By Gabriel Howard —
As the COVID-19 pandemic sweeps the nation, schools have had to come up with new and creative ways to provide a safe and engaging learning environment. And while the inclusion of online courses has been a welcome addition, how have things been for those who still have classes in-person?
Dealing with the pandemic has been a challenge for the university. Moving most classes online has helped ease the stress of delivering classes to the students.
However, roughly 30% of the students enrolled are still having to go to in-person classes during the fall semester.
Diana Romero, a freshman, shared that her experience on campus this fall is much different than when she visited last year.
“When I toured here this time last year the campus seemed vibrant and full of life. I was excited to experience all of the things you would expect in your freshman year,” Romero said. “Things feel different now that classes have finally started. All of the things I wanted to do are simply impossible in the current climate. The campus itself feels quiet and is completely different from what I expected.”

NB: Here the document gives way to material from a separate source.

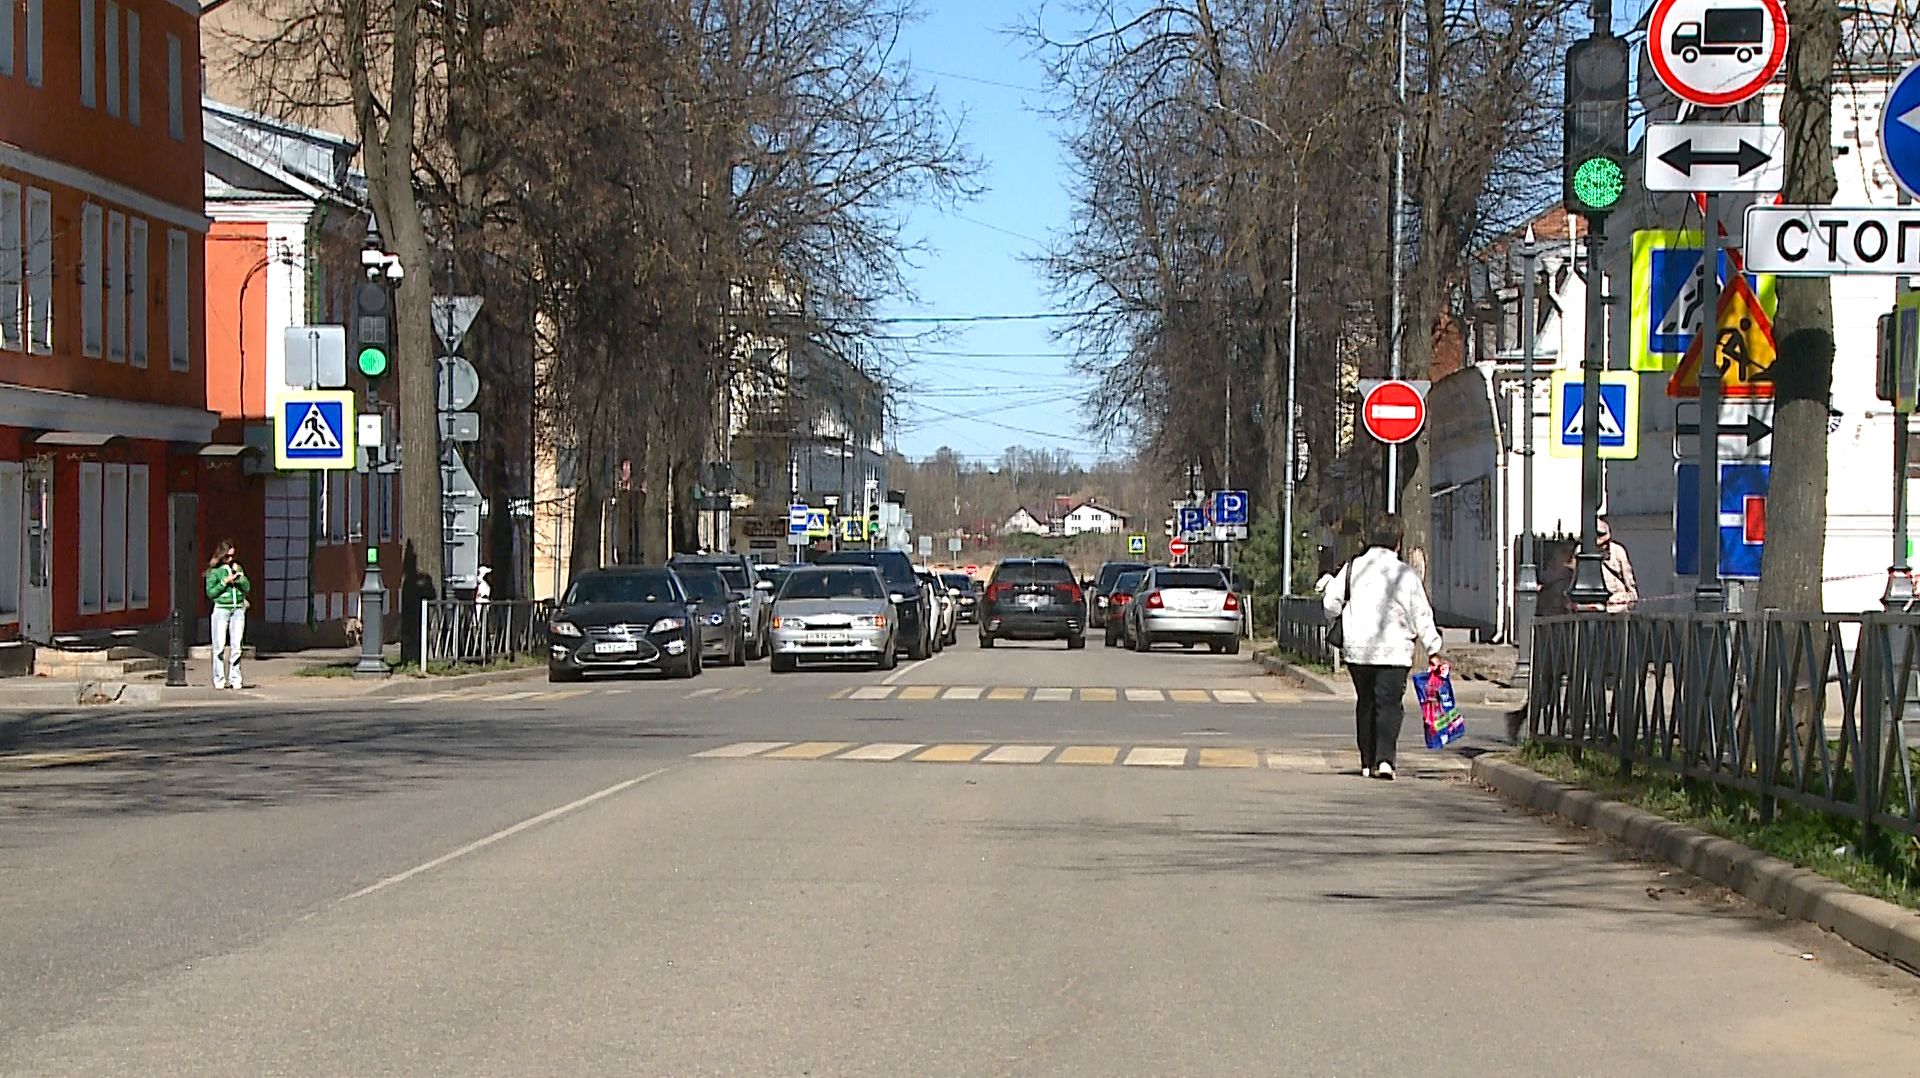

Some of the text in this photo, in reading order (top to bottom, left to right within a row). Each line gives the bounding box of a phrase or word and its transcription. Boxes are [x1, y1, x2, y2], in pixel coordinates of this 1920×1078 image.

[1776, 218, 1920, 264] СТОП
[1223, 494, 1241, 519] P
[1184, 510, 1198, 529] P

Romero also felt that her experience with in-person classes is much different from what she expected. She commends professors for making it as welcoming as possible, but still feels a little weird going to in-person classes amidst a global pandemic.
The required COVID-19 testing she and her classmates have participated in has eased nerves slightly.
Her experience is something a lot of students can relate to. Most have opted for an entirely online schedule to minimize the risk that coming to campus and potentially being exposed to COVID-19 presents.
In a normal fall semester, campus is usually packed, however, it now feels like it is finals week 24/7. Food lines are small and the classrooms are even smaller. And with the pandemic showing no signs of slowing down, this will unfortunately be our new norm for the foreseeable future.